Les stagiaires arrivent, se connectent, se saluent amicalement. C’est parti. Les DE s’y mettent sans broncher, le groupe est soudé et sait déjà faire face aux imprévus. Aucune question sur les consignes, je peux me consacrer aux DES. Samia me signale qu’elle sera peut-être un peu en pointillé car les enfants sont là, Tiphaine a pu faire garder les siens, par une voisine je crois. Clémence est sur le pont pour son boulot (réquisition de son périscolaire pour accueillir les enfants du personnel de soin). Elle finira par nous rejoindre dans l’après-midi. Pas facile pour elle de se mettre dans le sujet. Marine est là, mais ne "dit" pas grand-chose, comme si elle se mettait à l’écart. Je ne la vois pas, mais je l’imagine. Il faudra que je pense "à aller la chercher". Grégoire aide Saïd à régler des problèmes de connexion sur Discord. Tous les autres sont là. On s’y met tout doucement en revenant sur la séquence du mardi. J’avais sciemment mis en place des "teasers", on revient dessus. Le travail avance et je me rends compte que je ne pourrai pas accorder aux DE autant de temps que je l’avais prévu, je dois rester au plus près des DES pour ne pas les perdre et maintenir le rythme. Je regarde quand même leurs productions : il y à dire mais ils ont bossé. Alain me relaie pour commenter le travail d’un groupe, ça tombe bien, le travail collaboratif c’est aussi cela ! Je prendrai le temps de leur faire un retour, en différé.

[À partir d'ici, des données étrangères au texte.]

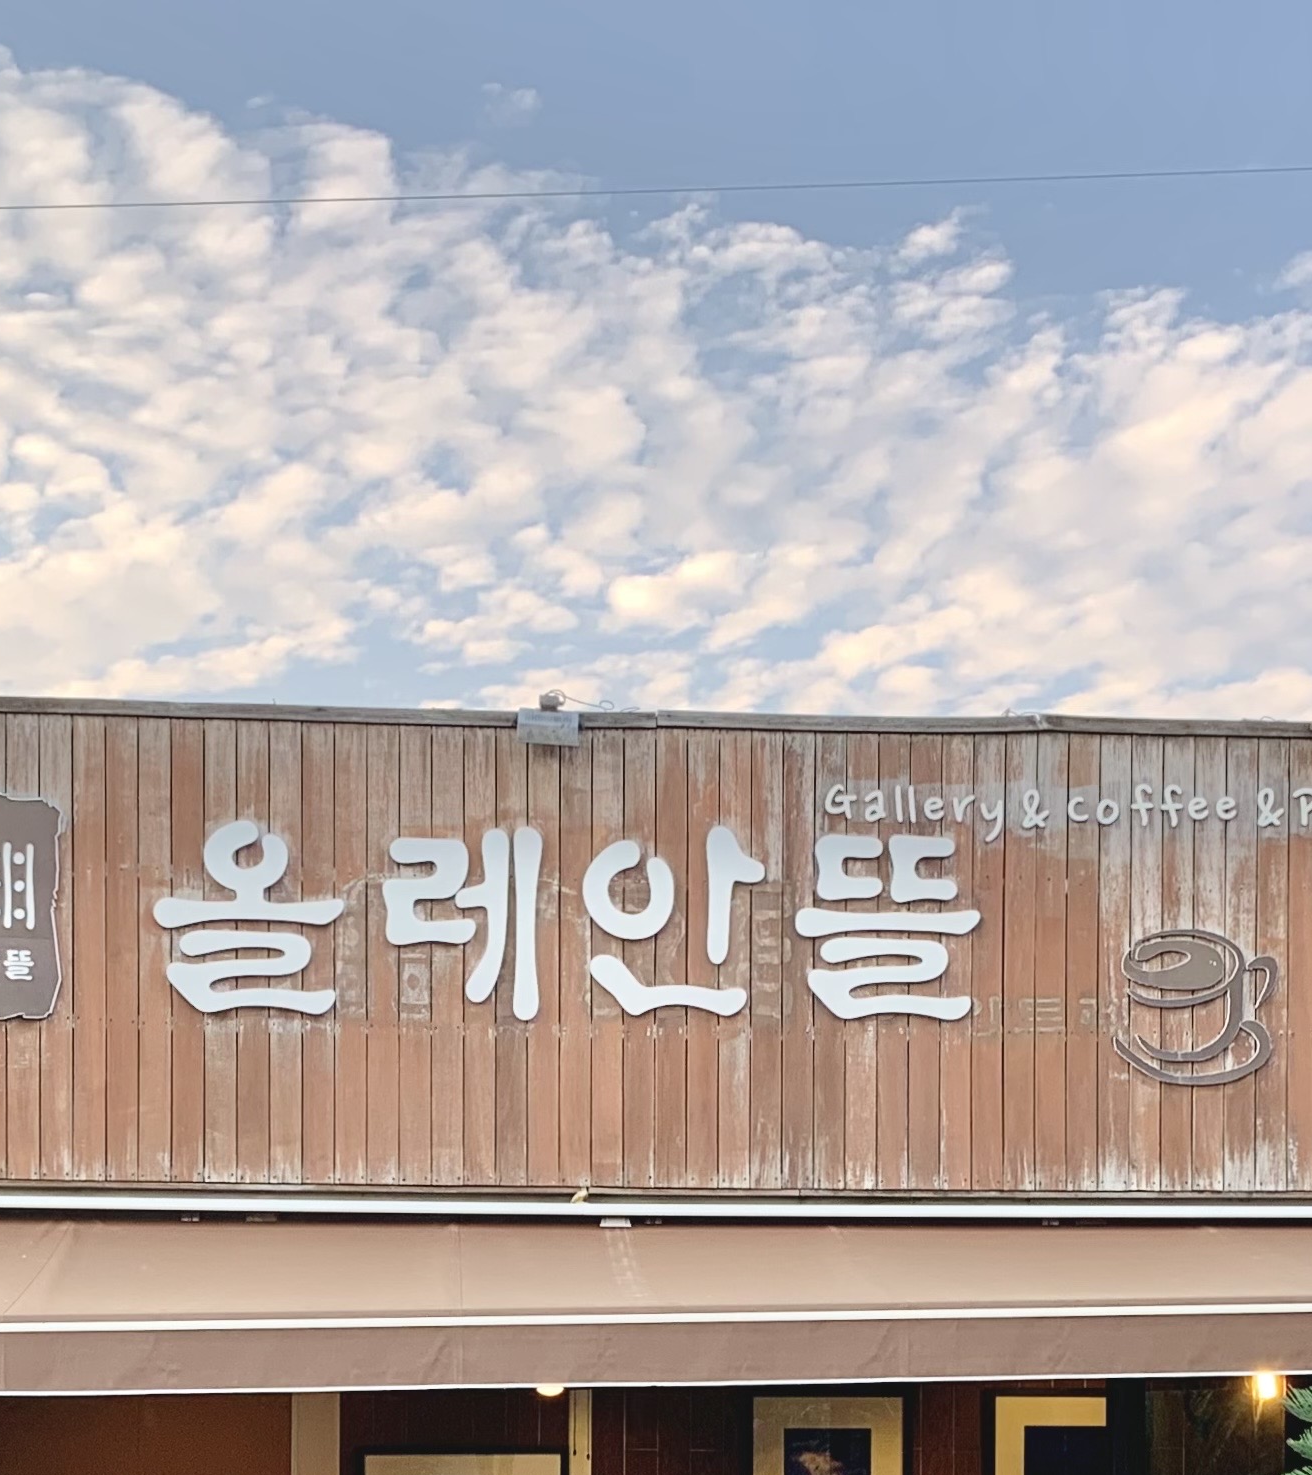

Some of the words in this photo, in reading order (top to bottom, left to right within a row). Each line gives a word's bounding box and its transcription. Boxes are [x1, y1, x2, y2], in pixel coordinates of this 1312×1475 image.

[824, 783, 1004, 842] Gallery
[1067, 784, 1237, 828] coffee
[153, 819, 982, 1021] 올레안뜰

Il est déjà l’heure de la pause de midi, je suis à peu près dans les clous, un peu en retard sur ce que j’avais prévu, mais c’est bon signe, les stagiaires bossent, malgré tous les freins. La séance suivante est toujours un temps un peu périlleux dans la formation laïcité, puisque c’est aux stagiaires de donner la matière avec des situations vécues, qu’il s’agit de mettre au travail. Ce qui m’inquiète vaguement, ce n’est pas tant cette inconnue, mais la manière dont nous allons fonctionner à distance, car ce temps est basé sur des réelles interactions. Finalement, je recueille 5 situations. Je rame un peu pour les faire formuler de telle manière qu’elles puissent ensuite faire l’objet d’un exercice de résolution en sous-groupes, car j’ai fait un parti pris hasardeux : celui de n’utiliser que le Chat texte et pas la voix. Je sais bien pourquoi et il faudra que je me fasse violence une autre fois. Malgré tout, on y arrive. Les idées fusent, et on sent la tension monter sur quelques argumentations (l’école "libre", les contrôles d’instruction faits – ou pas – par les IEN au sein de la communauté gitane, …). Je me concentre pour ne pas me laisser déborder et ramener les échanges vers notre sujet. Cela nous aura pris presque l’après-midi. Il me faut passer à la trappe la visite que j’avais prévue en Europe et dans d’autres pays. Pas grave, les ressources sont dans Claroline. Je fais le choix de calmer le rythme et de prendre le temps de clore en douceur cette semaine hors normes. Le tour de table fait état d’une fatigue, de la difficulté d’être dans le même lieu parent et stagiaire, directrice et stagiaire, de la difficulté à maîtriser des outils et probablement aussi, de celle qu'induit une forme d’attention nouvelle. Mais, au final, une satisfaction d’avoir continué, malgré tout et découvert de nouveaux horizons qui trouveront à coups sûrs de quoi alimenter les projets et les futures manières de travailler. Réflexivité, disions nous lors d’une récente réunion d’ingénierie …

Il est presque 17h et les noms s’effacent peu à peu dans la colonne de droite, non sans que tous se soient copieusement salués et souhaité le meilleur pour chacun.

Je reste assis en face de l’écran, le temps de faire retomber la pression. Sensation nouvelle, fatigue nouvelle. Et un sentiment grandit : les visages m’ont manqué. Je ne connais pas grand-chose des théories sur la formation à distance, mais je sais que ne pourrai jamais former sans connaître les personnes à qui je m’adresse.